Claim 24 recites: Method of producing a drug library comprising configuring a privilege for enabling:
Creating, reviewing and/or editing a drug library;
specifying a master medication list;
defining a medication record;
verifying the medication record;
approving the drug library for release to a medical device; and
transmitting a notification respecting the drug library;
wherein the notification comprises one or more of: a device type, a location of the drug library, documentation respecting the drug library, a release notes URL, an installer URL, a checksum, and an installation dependency; and
assigning the privilege to a care group.
The underlined limitations as shown above, given the broadest reasonable interpretation, cover the abstract idea of a mental process because they recite a process that could be practically performed in the human mind (i.e. observations, evaluations, judgments, and/or opinions – in this case, a person creates a drug library and determines corresponding privileges, then verifies and approves information and assigns the privilege to a care group) or using a pen and paper, but for the recitation of generic computer components (i.e. the medical device), e.g. see MPEP 2106.04(a)(2). Any limitations not identified above as part of the abstract idea(s) are deemed “additional elements,” and will be discussed in further detail below.

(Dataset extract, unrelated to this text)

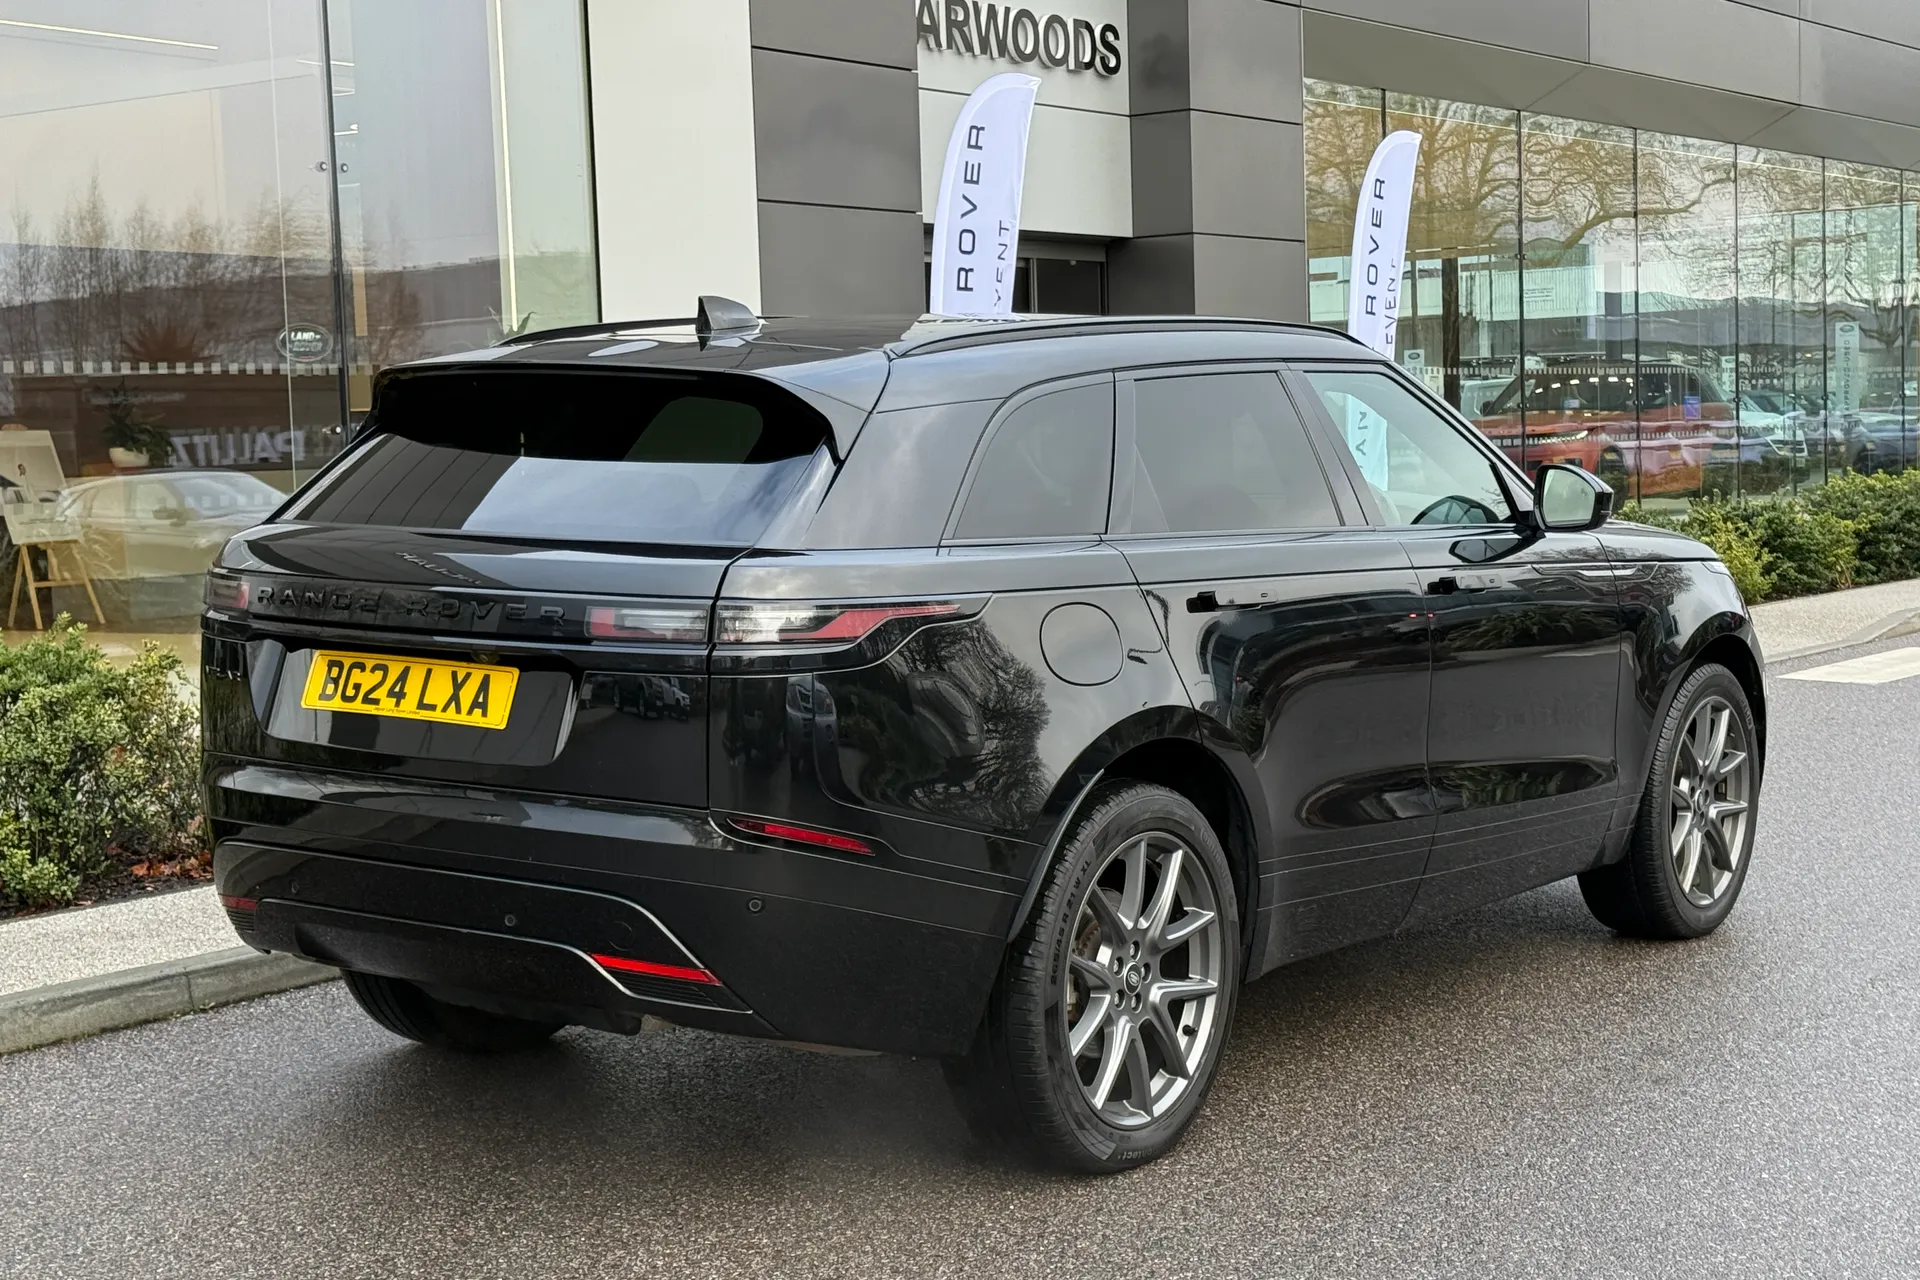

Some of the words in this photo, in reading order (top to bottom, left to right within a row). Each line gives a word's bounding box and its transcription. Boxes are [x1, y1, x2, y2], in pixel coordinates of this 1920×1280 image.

Dependent claims 2-23 and 25-35 include other limitations, for example claims
5-16, 18-21, 31 and 32 recites details on the drug library and/or the corresponding privileges,
claims 25-29 recites details on the medications or medication record, and a claim may not preempt abstract ideas, even if the judicial exception is narrow, e.g. see MPEP 2106.04. Additionally, any limitations in dependent claims 2-23 and 25-32 not addressed above are deemed additional elements to the abstract idea, and will be further addressed below. Hence dependent claims 2-23 and 25-35 are nonetheless directed towards fundamentally the same abstract idea as independent claims 1 and 24.
Prong 2 of Step 2A
Claims 1 and 24 are not integrated into a practical application because the additional elements (i.e. any limitations that are not identified as part of the abstract idea) amount to no more than limitations which:
amount to mere instructions to apply an exception – for example, the recitation of the medical device, which amounts to merely invoking a computer as a tool to perform the abstract idea, e.g. see paragraph 69 of the present Specification, see MPEP 2106.05(f); and/or
generally link the abstract idea to a particular technological environment or field of use – for example, the claim language reciting the use of software, which amounts to limiting the abstract idea to the field of healthcare programs, see MPEP 2106.05(h); and/or
adding insignificant extrasolution activity to the abstract idea, for example mere data gathering, selecting a particular data source or type of data to be manipulated, and/or insignificant application (e.g. see MPEP 2106.05(g)).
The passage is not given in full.